During what the council described as a “lengthy, comprehensive, and frank” discussion, the two men talked about how to provide humanitarian help and how to end the war through a political process.

“The U.S. envoy presented several suggestions which the head of the sovereign council agreed to,” the statement said.

Although the army declined to join U.S.-mediated peace negotiations in Geneva earlier this year, the meetings did obtain commitments from the warring parties to increase access to aid.

A power battle between the army and the RSF preceded a planned shift to civilian government, which is why the conflict broke out more than a year ago.

Perriello discussed “the need to cease fighting, enable unhindered humanitarian access, including through localized pauses in the fighting to allow for the delivery of emergency relief supplies, and commit to a civilian government,” a State Department statement said.

“Right now, I think there’s a key opportunity to build on the expansion of humanitarian aid,” the State Department official stated, emphasising the need for relief corridors to the most battle-ravaged areas, such as al-Fashir, Sennar, and parts of the capital Khartoum, even though the U.S. would continue to pursue a more comprehensive ceasefire and negotiations.

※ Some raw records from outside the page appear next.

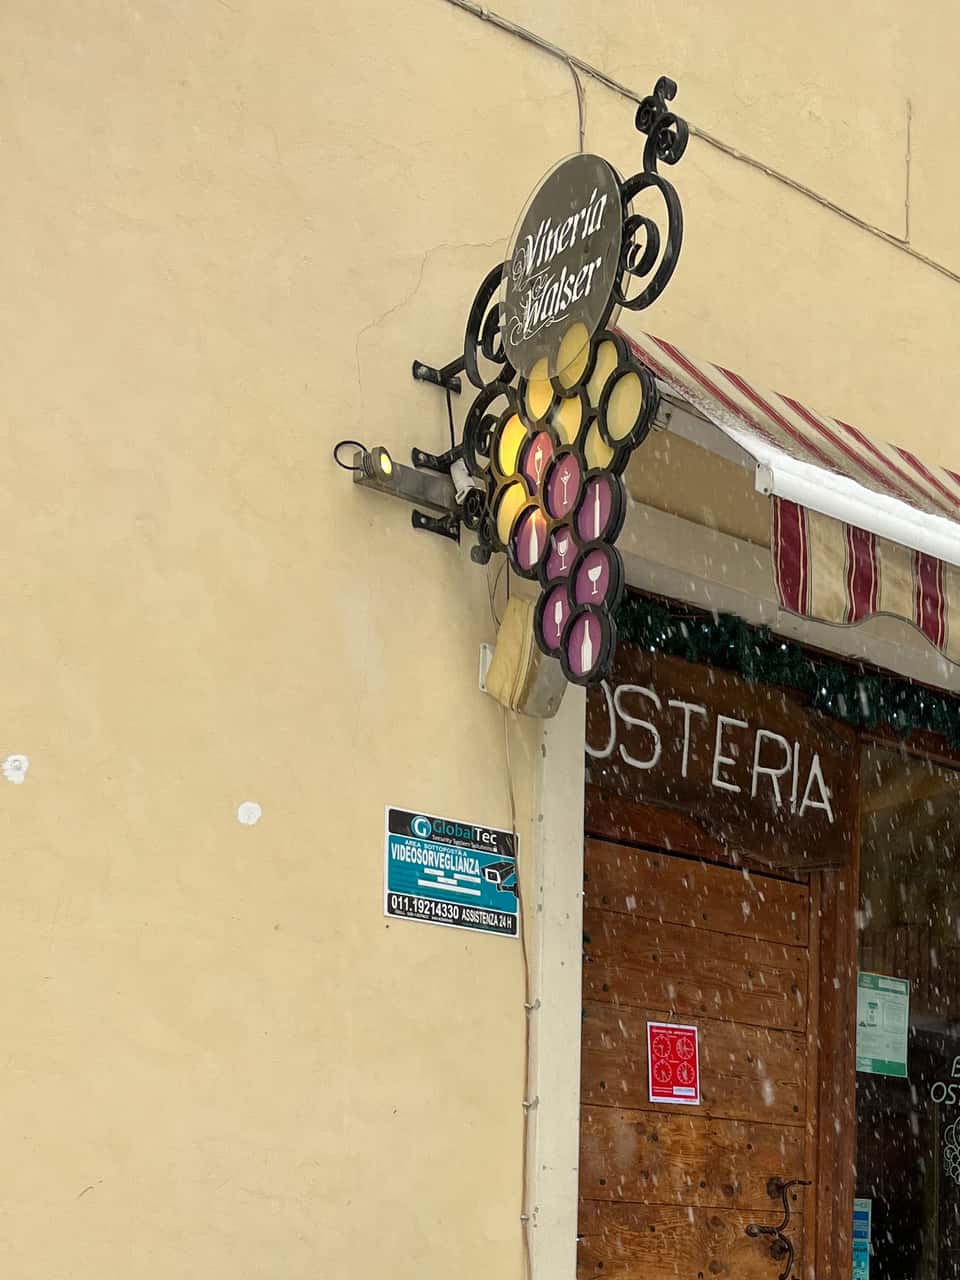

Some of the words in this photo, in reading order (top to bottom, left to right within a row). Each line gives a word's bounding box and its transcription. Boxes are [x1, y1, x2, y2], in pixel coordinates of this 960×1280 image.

[432, 819, 497, 845] GlobalTec
[391, 842, 480, 875] VIDEOSORVEGLIANZA
[391, 894, 459, 919] 011.19214330
[461, 908, 498, 926] ASSISTENZA
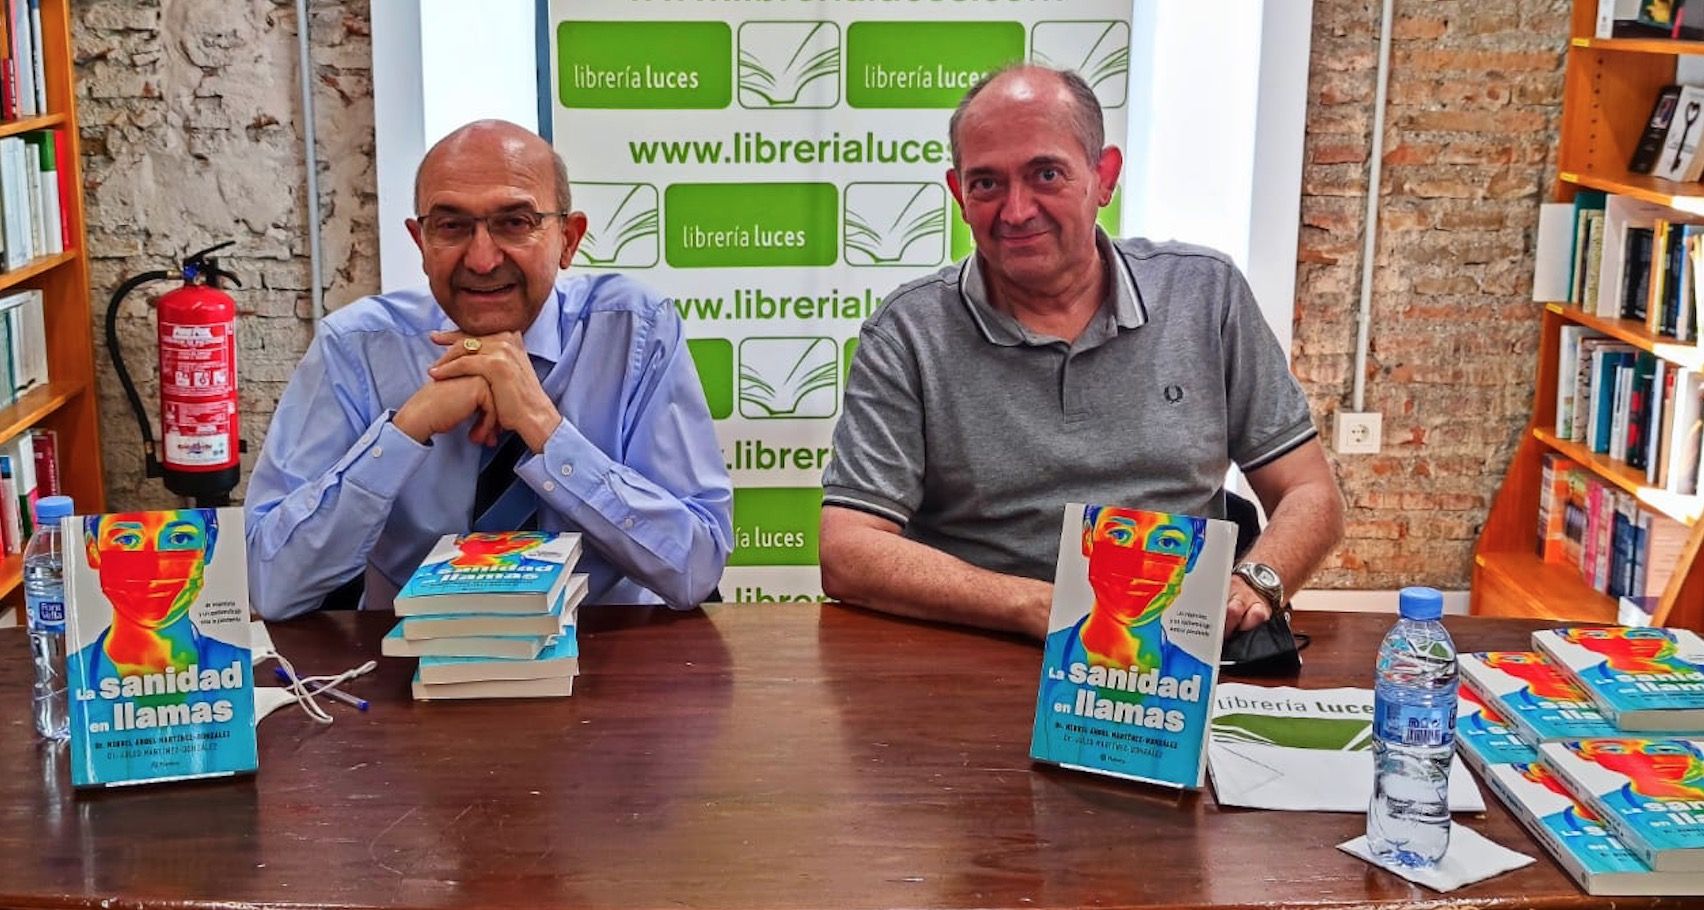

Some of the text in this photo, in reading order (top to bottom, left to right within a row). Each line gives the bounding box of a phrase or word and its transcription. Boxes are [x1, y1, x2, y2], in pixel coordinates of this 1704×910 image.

[574, 65, 699, 88] librería luces
[865, 64, 932, 89] librería
[629, 131, 953, 164] www.librerialuce
[683, 224, 806, 248] librería luces
[755, 526, 805, 547] luces
[76, 660, 243, 700] La sanidad
[1048, 662, 1202, 703] La sanidad
[89, 700, 234, 733] en llamas
[1054, 688, 1186, 733] en llamas
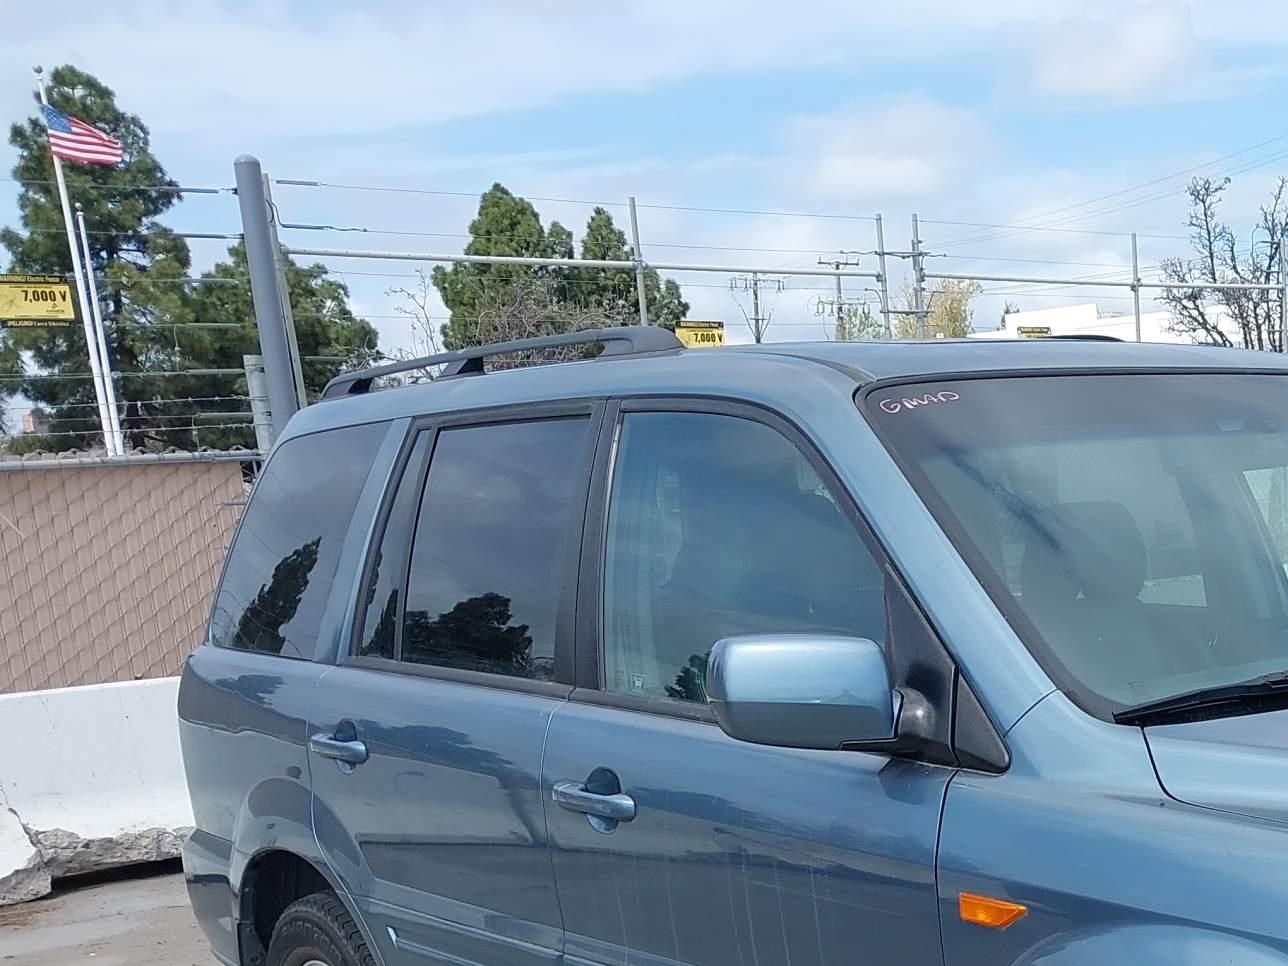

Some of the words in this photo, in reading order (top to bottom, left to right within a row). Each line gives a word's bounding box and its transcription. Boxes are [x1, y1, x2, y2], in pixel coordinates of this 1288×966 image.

Last Monday, Sudan’s sovereign council announced that it would prolong the temporary opening of the Adre border crossing with Chad. According to relief organisations, this crossing is essential for delivering food and other supplies to famine-prone portions of the Darfur and Kordofan regions.

An RSF official stated at a press conference in Nairobi that while they were still amenable to peace, they had doubts about the army’s readiness.

“They do not listen to any language but that of the rifle, and so we will continue to talk to them in the language they understand,” said Brigadier General Omar Hamdan.